→ **Information shown**:
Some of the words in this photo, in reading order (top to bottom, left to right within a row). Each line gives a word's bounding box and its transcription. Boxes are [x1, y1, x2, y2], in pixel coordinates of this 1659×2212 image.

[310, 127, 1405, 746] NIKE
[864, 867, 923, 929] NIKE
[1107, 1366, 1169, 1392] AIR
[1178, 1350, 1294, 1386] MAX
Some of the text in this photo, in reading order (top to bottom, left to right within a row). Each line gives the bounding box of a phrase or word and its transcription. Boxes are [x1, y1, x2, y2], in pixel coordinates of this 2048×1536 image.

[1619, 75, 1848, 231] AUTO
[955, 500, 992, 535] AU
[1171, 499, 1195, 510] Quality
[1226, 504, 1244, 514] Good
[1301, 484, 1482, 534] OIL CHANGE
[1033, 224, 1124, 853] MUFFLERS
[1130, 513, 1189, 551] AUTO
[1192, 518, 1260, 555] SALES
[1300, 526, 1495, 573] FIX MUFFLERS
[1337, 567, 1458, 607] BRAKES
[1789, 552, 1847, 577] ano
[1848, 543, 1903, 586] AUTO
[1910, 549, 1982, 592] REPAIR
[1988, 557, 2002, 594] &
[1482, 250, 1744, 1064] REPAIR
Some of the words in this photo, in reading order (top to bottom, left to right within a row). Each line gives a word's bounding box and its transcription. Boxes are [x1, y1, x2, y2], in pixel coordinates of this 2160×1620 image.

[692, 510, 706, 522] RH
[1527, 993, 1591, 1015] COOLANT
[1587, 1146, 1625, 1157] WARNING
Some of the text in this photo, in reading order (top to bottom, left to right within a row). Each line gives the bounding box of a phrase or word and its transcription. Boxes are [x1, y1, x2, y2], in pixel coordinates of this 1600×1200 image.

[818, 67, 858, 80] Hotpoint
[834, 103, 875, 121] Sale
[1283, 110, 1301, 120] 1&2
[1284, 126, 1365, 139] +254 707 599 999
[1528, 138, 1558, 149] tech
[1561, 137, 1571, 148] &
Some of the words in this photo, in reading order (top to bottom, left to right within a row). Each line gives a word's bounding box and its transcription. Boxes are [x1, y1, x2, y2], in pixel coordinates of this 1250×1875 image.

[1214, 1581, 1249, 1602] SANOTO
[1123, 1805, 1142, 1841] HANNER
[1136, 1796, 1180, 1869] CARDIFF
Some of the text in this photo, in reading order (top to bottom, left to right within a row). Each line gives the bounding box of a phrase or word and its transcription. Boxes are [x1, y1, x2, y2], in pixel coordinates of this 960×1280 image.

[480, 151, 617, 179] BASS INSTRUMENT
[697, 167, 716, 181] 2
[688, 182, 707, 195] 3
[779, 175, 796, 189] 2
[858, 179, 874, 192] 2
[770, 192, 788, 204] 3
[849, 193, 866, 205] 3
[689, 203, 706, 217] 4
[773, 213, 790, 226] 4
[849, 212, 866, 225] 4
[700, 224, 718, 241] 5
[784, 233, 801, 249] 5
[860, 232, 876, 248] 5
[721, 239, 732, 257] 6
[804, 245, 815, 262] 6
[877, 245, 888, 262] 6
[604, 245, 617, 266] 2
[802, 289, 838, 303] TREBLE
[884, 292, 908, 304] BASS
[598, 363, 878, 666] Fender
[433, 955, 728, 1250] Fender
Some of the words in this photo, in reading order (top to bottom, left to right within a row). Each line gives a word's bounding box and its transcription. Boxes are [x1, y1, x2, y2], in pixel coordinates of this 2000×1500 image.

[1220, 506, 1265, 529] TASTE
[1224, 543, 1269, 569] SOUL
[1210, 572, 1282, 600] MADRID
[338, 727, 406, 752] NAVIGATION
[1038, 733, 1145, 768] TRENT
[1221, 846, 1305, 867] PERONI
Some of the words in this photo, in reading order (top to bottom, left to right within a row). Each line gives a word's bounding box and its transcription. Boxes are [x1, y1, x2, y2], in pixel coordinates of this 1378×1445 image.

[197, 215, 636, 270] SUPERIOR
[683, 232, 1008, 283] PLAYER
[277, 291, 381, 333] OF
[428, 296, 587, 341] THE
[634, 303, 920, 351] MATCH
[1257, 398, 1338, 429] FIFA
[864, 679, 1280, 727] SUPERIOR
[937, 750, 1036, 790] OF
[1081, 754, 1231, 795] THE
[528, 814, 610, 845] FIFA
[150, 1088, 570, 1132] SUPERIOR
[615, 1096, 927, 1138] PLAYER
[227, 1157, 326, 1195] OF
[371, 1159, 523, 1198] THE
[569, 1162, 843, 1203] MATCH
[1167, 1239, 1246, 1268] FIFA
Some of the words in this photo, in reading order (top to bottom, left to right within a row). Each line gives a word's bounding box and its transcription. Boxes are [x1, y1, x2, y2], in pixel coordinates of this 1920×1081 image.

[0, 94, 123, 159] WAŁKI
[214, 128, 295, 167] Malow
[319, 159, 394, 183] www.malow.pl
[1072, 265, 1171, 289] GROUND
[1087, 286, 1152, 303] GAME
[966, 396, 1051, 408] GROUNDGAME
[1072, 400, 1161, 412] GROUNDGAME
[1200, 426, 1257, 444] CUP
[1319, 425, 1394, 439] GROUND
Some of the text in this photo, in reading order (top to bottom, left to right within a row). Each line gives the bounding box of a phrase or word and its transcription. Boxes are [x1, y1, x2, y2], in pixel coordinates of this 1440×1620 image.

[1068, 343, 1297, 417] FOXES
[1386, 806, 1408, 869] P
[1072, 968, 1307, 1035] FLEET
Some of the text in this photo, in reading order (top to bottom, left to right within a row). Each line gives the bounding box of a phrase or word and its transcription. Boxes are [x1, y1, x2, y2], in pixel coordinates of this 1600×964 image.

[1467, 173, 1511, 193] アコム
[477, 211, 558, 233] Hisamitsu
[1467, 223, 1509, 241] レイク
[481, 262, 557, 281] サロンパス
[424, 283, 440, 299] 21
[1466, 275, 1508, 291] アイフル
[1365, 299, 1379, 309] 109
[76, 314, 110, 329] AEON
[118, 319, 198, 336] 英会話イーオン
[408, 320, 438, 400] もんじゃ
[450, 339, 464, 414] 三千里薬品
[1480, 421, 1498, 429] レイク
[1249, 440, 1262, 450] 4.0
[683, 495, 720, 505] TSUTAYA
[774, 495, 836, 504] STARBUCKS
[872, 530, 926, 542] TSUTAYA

→ **Problem description**: Could you transcribe every entry exactly, without altering anything?

→ **Written response**:
Some of the words in this photo, in reading order (top to bottom, left to right within a row). Each line gives a word's bounding box and its transcription. Boxes are [x1, y1, x2, y2], in pixel coordinates of this 1659×2212 image.

[310, 127, 1405, 746] NIKE
[864, 867, 923, 929] NIKE
[1107, 1366, 1169, 1392] AIR
[1178, 1350, 1294, 1386] MAX
Some of the text in this photo, in reading order (top to bottom, left to right within a row). Each line gives the bounding box of a phrase or word and its transcription. Boxes are [x1, y1, x2, y2], in pixel coordinates of this 2048×1536 image.

[1619, 75, 1848, 231] AUTO
[955, 500, 992, 535] AU
[1171, 499, 1195, 510] Quality
[1226, 504, 1244, 514] Good
[1301, 484, 1482, 534] OIL CHANGE
[1033, 224, 1124, 853] MUFFLERS
[1130, 513, 1189, 551] AUTO
[1192, 518, 1260, 555] SALES
[1300, 526, 1495, 573] FIX MUFFLERS
[1337, 567, 1458, 607] BRAKES
[1789, 552, 1847, 577] ano
[1848, 543, 1903, 586] AUTO
[1910, 549, 1982, 592] REPAIR
[1988, 557, 2002, 594] &
[1482, 250, 1744, 1064] REPAIR
Some of the words in this photo, in reading order (top to bottom, left to right within a row). Each line gives a word's bounding box and its transcription. Boxes are [x1, y1, x2, y2], in pixel coordinates of this 2160×1620 image.

[692, 510, 706, 522] RH
[1527, 993, 1591, 1015] COOLANT
[1587, 1146, 1625, 1157] WARNING
Some of the text in this photo, in reading order (top to bottom, left to right within a row). Each line gives the bounding box of a phrase or word and its transcription. Boxes are [x1, y1, x2, y2], in pixel coordinates of this 1600×1200 image.

[818, 67, 858, 80] Hotpoint
[834, 103, 875, 121] Sale
[1283, 110, 1301, 120] 1&2
[1284, 126, 1365, 139] +254 707 599 999
[1528, 138, 1558, 149] tech
[1561, 137, 1571, 148] &
Some of the words in this photo, in reading order (top to bottom, left to right within a row). Each line gives a word's bounding box and its transcription. Boxes are [x1, y1, x2, y2], in pixel coordinates of this 1250×1875 image.

[1214, 1581, 1249, 1602] SANOTO
[1123, 1805, 1142, 1841] HANNER
[1136, 1796, 1180, 1869] CARDIFF
Some of the text in this photo, in reading order (top to bottom, left to right within a row). Each line gives the bounding box of a phrase or word and its transcription. Boxes are [x1, y1, x2, y2], in pixel coordinates of this 960×1280 image.

[480, 151, 617, 179] BASS INSTRUMENT
[697, 167, 716, 181] 2
[688, 182, 707, 195] 3
[779, 175, 796, 189] 2
[858, 179, 874, 192] 2
[770, 192, 788, 204] 3
[849, 193, 866, 205] 3
[689, 203, 706, 217] 4
[773, 213, 790, 226] 4
[849, 212, 866, 225] 4
[700, 224, 718, 241] 5
[784, 233, 801, 249] 5
[860, 232, 876, 248] 5
[721, 239, 732, 257] 6
[804, 245, 815, 262] 6
[877, 245, 888, 262] 6
[604, 245, 617, 266] 2
[802, 289, 838, 303] TREBLE
[884, 292, 908, 304] BASS
[598, 363, 878, 666] Fender
[433, 955, 728, 1250] Fender
Some of the words in this photo, in reading order (top to bottom, left to right within a row). Each line gives a word's bounding box and its transcription. Boxes are [x1, y1, x2, y2], in pixel coordinates of this 2000×1500 image.

[1220, 506, 1265, 529] TASTE
[1224, 543, 1269, 569] SOUL
[1210, 572, 1282, 600] MADRID
[338, 727, 406, 752] NAVIGATION
[1038, 733, 1145, 768] TRENT
[1221, 846, 1305, 867] PERONI
Some of the words in this photo, in reading order (top to bottom, left to right within a row). Each line gives a word's bounding box and its transcription. Boxes are [x1, y1, x2, y2], in pixel coordinates of this 1378×1445 image.

[197, 215, 636, 270] SUPERIOR
[683, 232, 1008, 283] PLAYER
[277, 291, 381, 333] OF
[428, 296, 587, 341] THE
[634, 303, 920, 351] MATCH
[1257, 398, 1338, 429] FIFA
[864, 679, 1280, 727] SUPERIOR
[937, 750, 1036, 790] OF
[1081, 754, 1231, 795] THE
[528, 814, 610, 845] FIFA
[150, 1088, 570, 1132] SUPERIOR
[615, 1096, 927, 1138] PLAYER
[227, 1157, 326, 1195] OF
[371, 1159, 523, 1198] THE
[569, 1162, 843, 1203] MATCH
[1167, 1239, 1246, 1268] FIFA
Some of the words in this photo, in reading order (top to bottom, left to right within a row). Each line gives a word's bounding box and its transcription. Boxes are [x1, y1, x2, y2], in pixel coordinates of this 1920×1081 image.

[0, 94, 123, 159] WAŁKI
[214, 128, 295, 167] Malow
[319, 159, 394, 183] www.malow.pl
[1072, 265, 1171, 289] GROUND
[1087, 286, 1152, 303] GAME
[966, 396, 1051, 408] GROUNDGAME
[1072, 400, 1161, 412] GROUNDGAME
[1200, 426, 1257, 444] CUP
[1319, 425, 1394, 439] GROUND
Some of the text in this photo, in reading order (top to bottom, left to right within a row). Each line gives the bounding box of a phrase or word and its transcription. Boxes are [x1, y1, x2, y2], in pixel coordinates of this 1440×1620 image.

[1068, 343, 1297, 417] FOXES
[1386, 806, 1408, 869] P
[1072, 968, 1307, 1035] FLEET
Some of the text in this photo, in reading order (top to bottom, left to right within a row). Each line gives the bounding box of a phrase or word and its transcription. Boxes are [x1, y1, x2, y2], in pixel coordinates of this 1600×964 image.

[1467, 173, 1511, 193] アコム
[477, 211, 558, 233] Hisamitsu
[1467, 223, 1509, 241] レイク
[481, 262, 557, 281] サロンパス
[424, 283, 440, 299] 21
[1466, 275, 1508, 291] アイフル
[1365, 299, 1379, 309] 109
[76, 314, 110, 329] AEON
[118, 319, 198, 336] 英会話イーオン
[408, 320, 438, 400] もんじゃ
[450, 339, 464, 414] 三千里薬品
[1480, 421, 1498, 429] レイク
[1249, 440, 1262, 450] 4.0
[683, 495, 720, 505] TSUTAYA
[774, 495, 836, 504] STARBUCKS
[872, 530, 926, 542] TSUTAYA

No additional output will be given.